FED, BCE e Banche Centrali

Re: FED, BCE e Banche Centrali  

  By: Gano di Maganza on Venerdì 08 Giugno 2018 11:25

Non so se l'Argentina con una moneta "buona" se la sarebbe passata meglio. È vero che ora va di moda dare la colpa sempre alle valute, ma forse sarebbe il caso di dare un'occhiata ANCHE all'economia Argentina, no?
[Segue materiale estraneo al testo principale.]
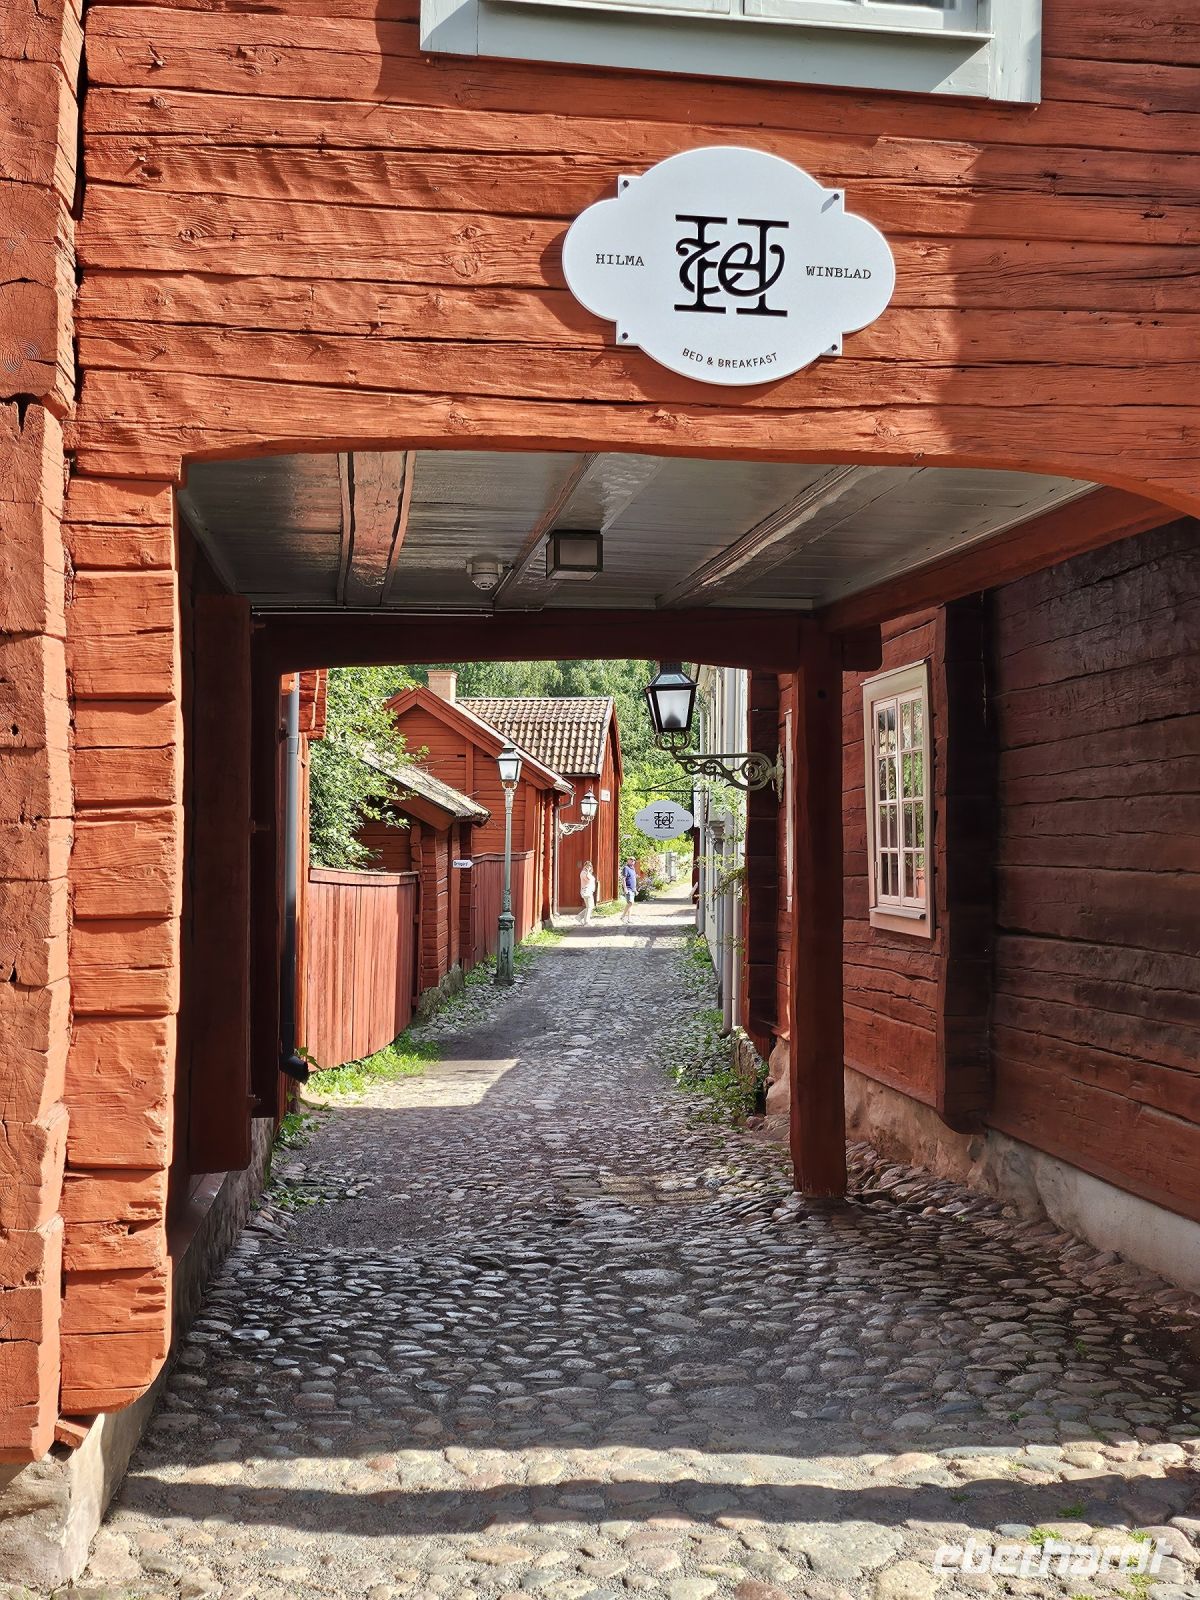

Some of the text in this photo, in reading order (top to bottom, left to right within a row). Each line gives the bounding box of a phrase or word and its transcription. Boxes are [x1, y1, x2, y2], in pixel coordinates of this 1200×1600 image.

[595, 253, 872, 280] HILMA WINBLAD
[682, 347, 778, 369] BED & BREAKFAST
Che se non sbaglio è prevalentemente agricola.

Re: FED, BCE e Banche Centrali  

  By: lutrom on Venerdì 08 Giugno 2018 11:24

Pana è un povero imbecille/coglione: comunque dovrebbe mostrarci i numeri riguardanti l'import e l'export dell'Argentina, a confronto con quelli dell'Italia, prima di sparare altre cavolate, .ma tanto lui spara solo cavolate.

Inoltre dovrebbe farci vedere i numeri (e li dovrebbe far vedere anche ad ANTI, un altro somarello) sull'efficacia degli interventi del FMI negli stati dove è stato chiamato: in pratica i soliti criminali plutocrati che vanno in soccorso -nel loro esclusivo interesse- di stati cretini; cretini che, invece di rafforzare le peculiarità della loro economia -per esempio agricoltura, artigianato, ecc., in modo da non arricchire certo ma da vivere in dignitosa onestà e coerenza-, vogliono imitare le tigri asiatiche, vogliono spendere più della germania, vogliono l'industra ultracompetitiva -però con una marea di statali nullafacenti e corruzione alle stelle-, vogliono la democrazia anche perché così vuole il FMI, quando la democrazia è ottima per paesi sviluppati con senso civico ma una sciagura per paesi arretrati -se l'impero romano avesse avuto la democrazia sarebbero morti tutti di fame!!!-, la democrazia serve solo per favorire negli stati poveri l'importazione di mode COSTOSE ma insostenibili dai paesi ricchi e per riempire la testa delle persone di cazz... inadatte a loro ed al loro livello di sviluppo-, ecc.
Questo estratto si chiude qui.